4. Na sua opinião, as sessões de treino de um G.R devem ser planeadas para proporcionar o maior número de experiências possíveis, ou é mais importante condicionar as experiências em função de estímulos muito específicos?

5. Na formação de um G.R. de Futebol, qual a idade que pensa ser mais adequada para iniciar o respectivo treino específico, ou seja para o começar a especializar?

6. Tendo por base o seu conhecimento, quais as etapas de formação que idealiza para a formação de um G.R. de nível superior? E nessas fases, de que forma as diferenças entre a qualidade/quantidade de treino lhe parece que influenciam o desenvolvimento do desempenho individual do G.R.?

7. Que papel desempenha o ambiente familiar e sociocultural relativamente ao desenvolvimento e envolvimento no mundo do Futebol, para alcançar o sucesso de nível superior?

8. Como é que um G.R. mantém a motivação necessária para alcançar níveis de desempenho superiores, durante os longos anos de prática a que se expõe?

LXIII Anexo 5

9. Depois de alcançar níveis de desempenho superiores, é difícil para um G.R. permanecer aí? Porque razão?

10. Pensa que um G.R. que treine um maior número de horas semanais tem maiores probabilidades de aumentar o seu desempenho, do que um G.R. que treine com a mesma frequência semanal, mas com menos horas em cada sessão?

11. Sendo a estabilidade emocional um aspecto importante para o sucesso de um G.R., como é que (os treinadores) ensina (m), critica (m), apoia (m) e motiva (m) os seus G.R (pela sua experiência)?

12. Parece-lhe que a metodologia de treino do G.R. tem evoluído significativamente? (Se sim...que características distintas reconhece nessa evolução?)

13. Se tivesse que atribuir uma ordem de importância a constrangimentos como a (genética, o treino, e o ambiente/envolvimento), como os ordenaria, do mais para o menos importante.

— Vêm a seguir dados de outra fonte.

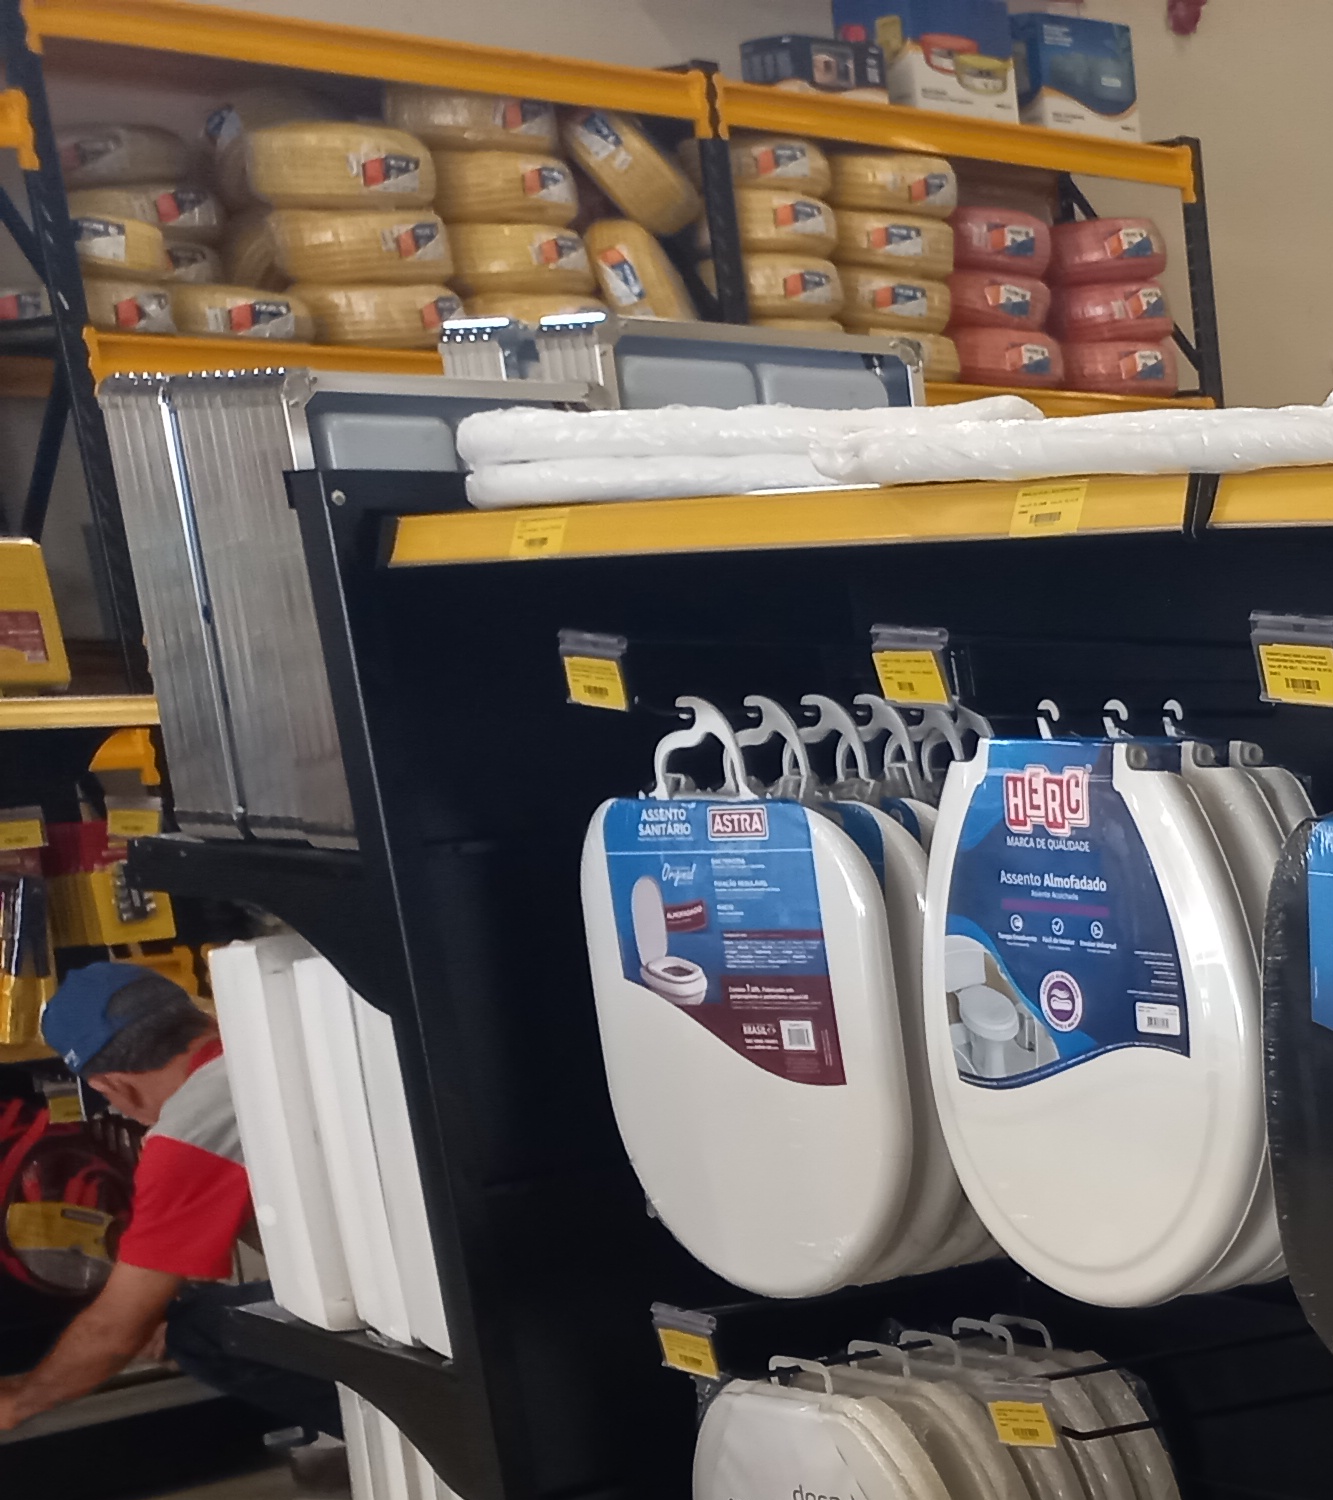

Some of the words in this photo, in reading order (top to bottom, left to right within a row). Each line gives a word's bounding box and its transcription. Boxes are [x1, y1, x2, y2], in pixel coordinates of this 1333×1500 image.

No que respeita ao impacto que cada um pode ter no desenvolvimento de um G.R. de Futebol talentoso? (E que importância concede aos atributos físicos e mentais e ao respectivo contributo para o sucesso de um G.R. de futebol?)

14. Um G.R. nasce ou faz-se?

15. O prazer que uma criança experimenta ao desempenhar uma posição tão específica no Futebol como a de G.R., poderá decorrer da sua identificação com um modelo, com um ídolo? Neste sentido pensa que a observação atenta dos jogos de um G.R. que se constitua como ídolo poderá promover uma aprendizagem importante (a aprendizagem por imitação), e deste modo complementar as sessões de treino convencionais?